Saved entries:
+ + + +

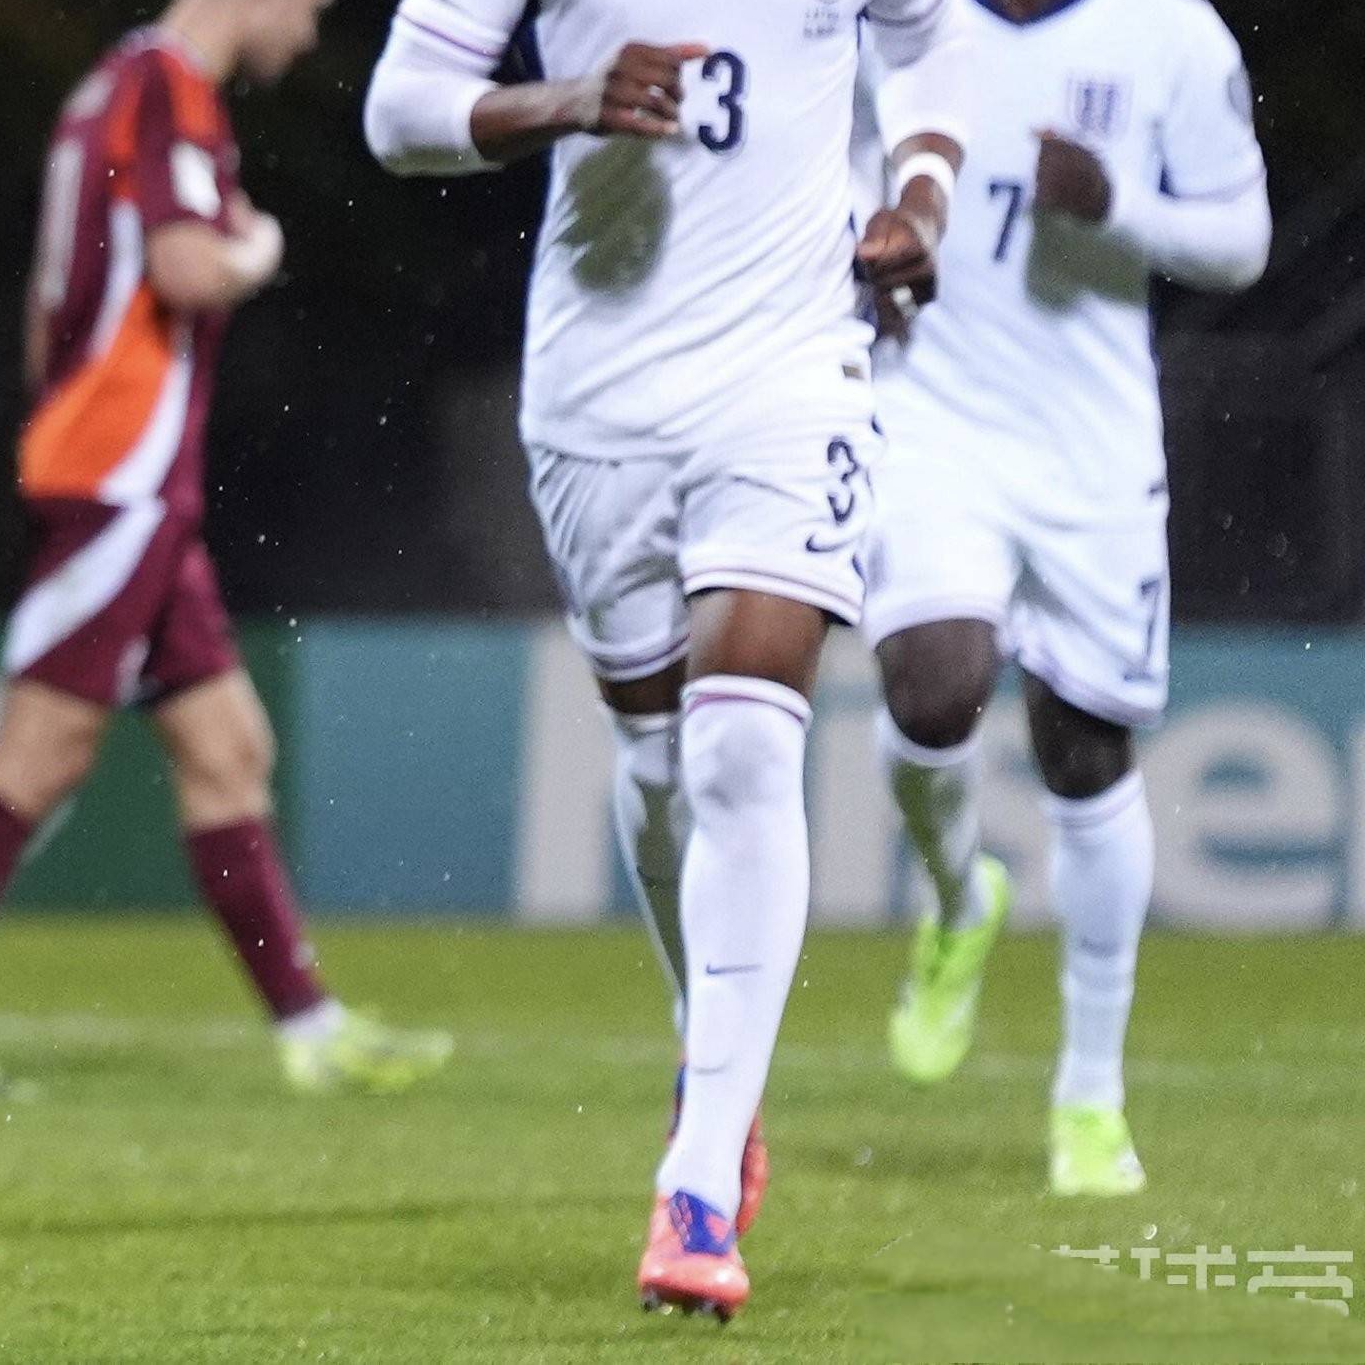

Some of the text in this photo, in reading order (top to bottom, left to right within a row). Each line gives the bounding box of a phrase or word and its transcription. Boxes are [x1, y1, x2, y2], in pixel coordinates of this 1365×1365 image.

[697, 49, 748, 156] 3
[988, 179, 1024, 262] 7
[826, 438, 861, 525] 3
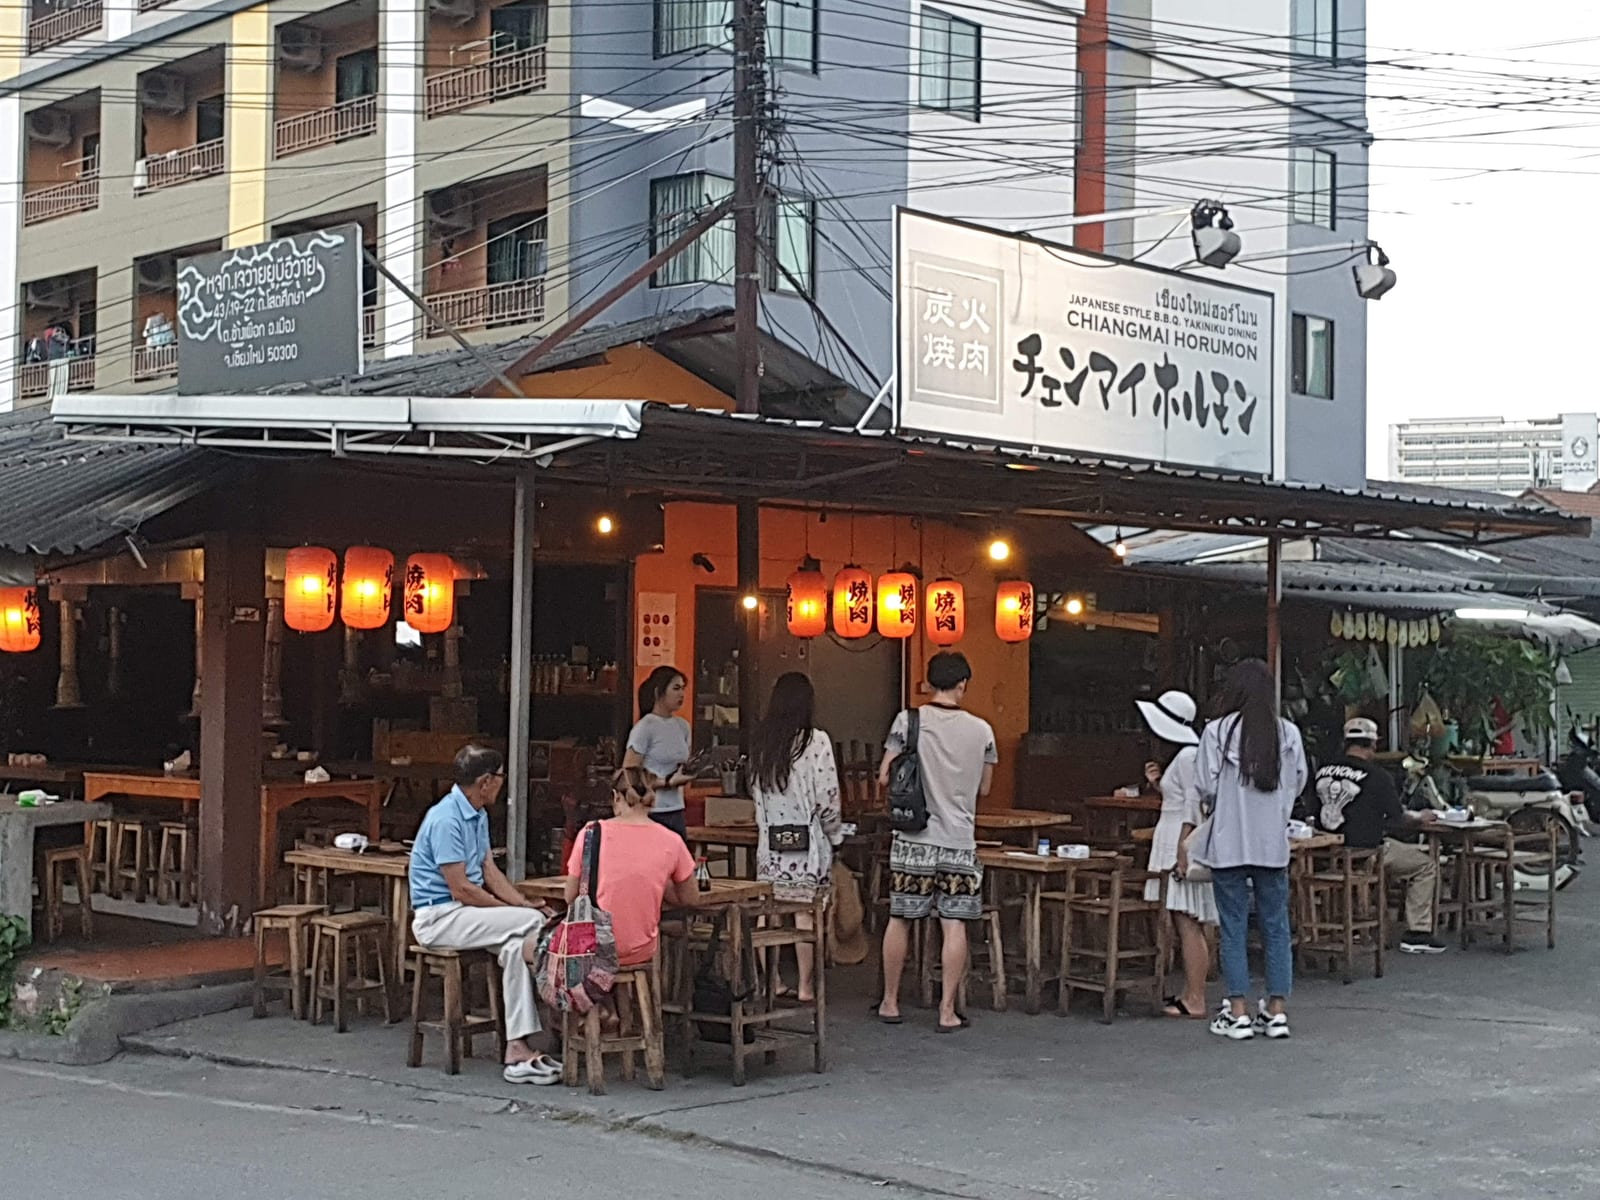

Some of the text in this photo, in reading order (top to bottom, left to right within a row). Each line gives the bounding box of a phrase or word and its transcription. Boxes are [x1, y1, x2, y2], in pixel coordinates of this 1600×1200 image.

[1066, 310, 1258, 361] CHIANGMAI HORUMON
[1068, 294, 1258, 341] JAPANESE STYLE B.B.Q. YAKINIKU DINING
[267, 343, 298, 362] 50300
[1012, 333, 1257, 436] チェンマイホルモン
[850, 581, 868, 624] 焼肉
[934, 591, 956, 631] 焼肉
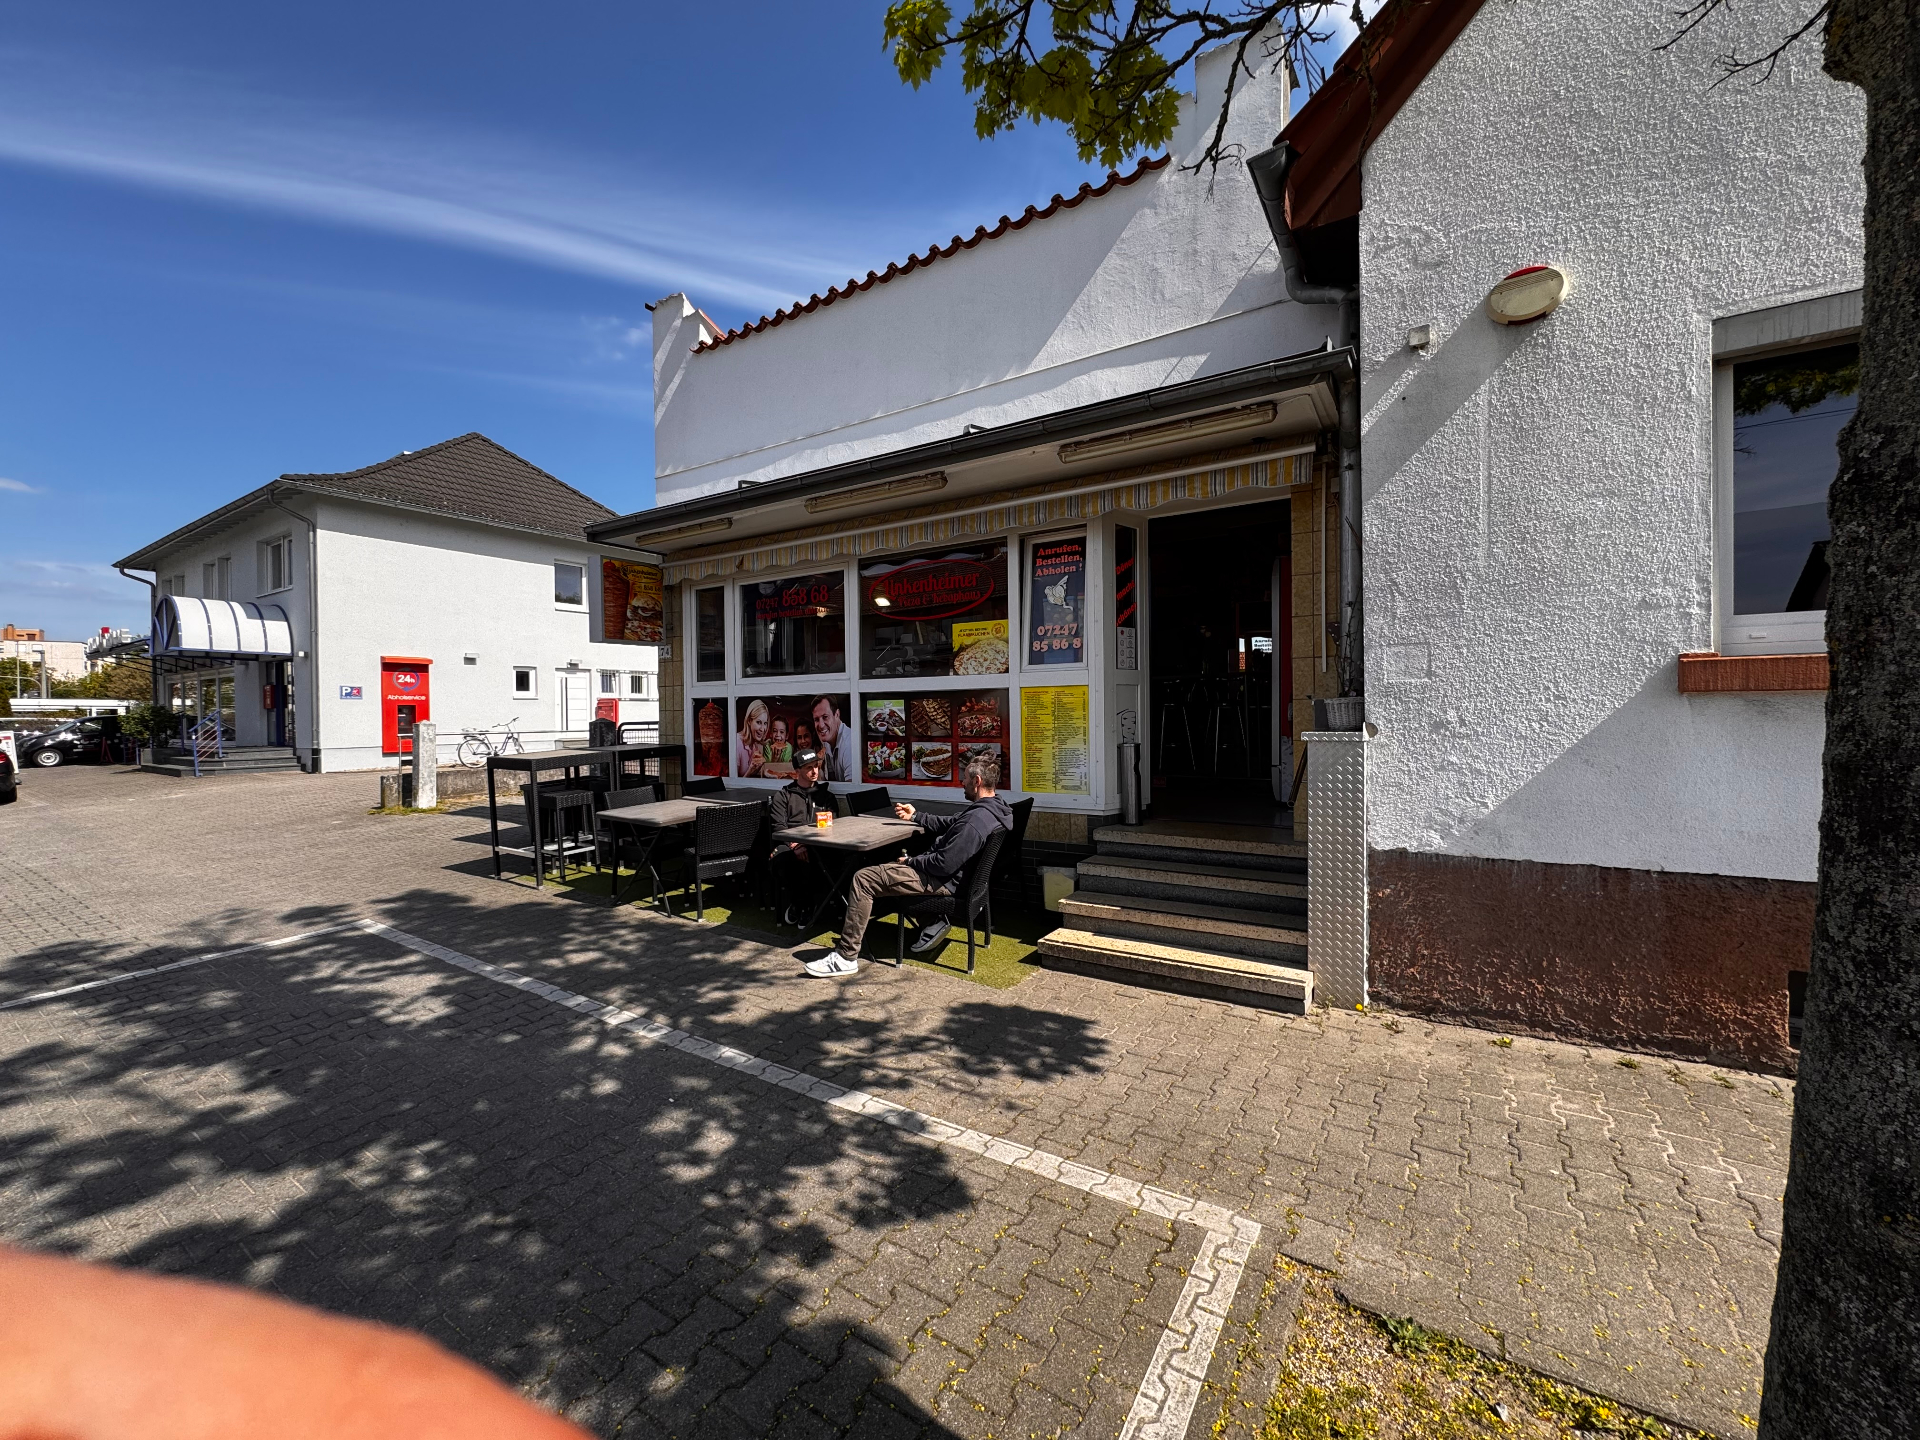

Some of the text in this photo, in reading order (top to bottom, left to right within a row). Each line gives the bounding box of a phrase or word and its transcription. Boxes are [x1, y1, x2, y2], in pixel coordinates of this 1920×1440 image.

[1037, 544, 1082, 556] Anrufen,
[1035, 554, 1083, 567] Bestellen,
[1035, 562, 1083, 577] Abholen !
[882, 572, 980, 601] Linkenheimer
[755, 584, 829, 610] 07247 858 68
[897, 596, 921, 608] Pizza
[1037, 623, 1078, 637] 07247
[1032, 637, 1082, 653] 85 86 8
[660, 647, 670, 657] 74
[397, 674, 415, 683] 24h
[342, 686, 351, 696] P

+ + + +

#### ABOUT THIS TASK:
Every entry above should be restated word for word, with the images left out.

#### REPLY:
Some of the text in this photo, in reading order (top to bottom, left to right within a row). Each line gives the bounding box of a phrase or word and its transcription. Boxes are [x1, y1, x2, y2], in pixel coordinates of this 1365×1365 image.

[697, 49, 748, 156] 3
[988, 179, 1024, 262] 7
[826, 438, 861, 525] 3

Some of the text in this photo, in reading order (top to bottom, left to right within a row). Each line gives the bounding box of a phrase or word and its transcription. Boxes are [x1, y1, x2, y2], in pixel coordinates of this 1600×1200 image.

[1066, 310, 1258, 361] CHIANGMAI HORUMON
[1068, 294, 1258, 341] JAPANESE STYLE B.B.Q. YAKINIKU DINING
[267, 343, 298, 362] 50300
[1012, 333, 1257, 436] チェンマイホルモン
[850, 581, 868, 624] 焼肉
[934, 591, 956, 631] 焼肉

Some of the text in this photo, in reading order (top to bottom, left to right within a row). Each line gives the bounding box of a phrase or word and its transcription. Boxes are [x1, y1, x2, y2], in pixel coordinates of this 1920×1440 image.

[1037, 544, 1082, 556] Anrufen,
[1035, 554, 1083, 567] Bestellen,
[1035, 562, 1083, 577] Abholen !
[882, 572, 980, 601] Linkenheimer
[755, 584, 829, 610] 07247 858 68
[897, 596, 921, 608] Pizza
[1037, 623, 1078, 637] 07247
[1032, 637, 1082, 653] 85 86 8
[660, 647, 670, 657] 74
[397, 674, 415, 683] 24h
[342, 686, 351, 696] P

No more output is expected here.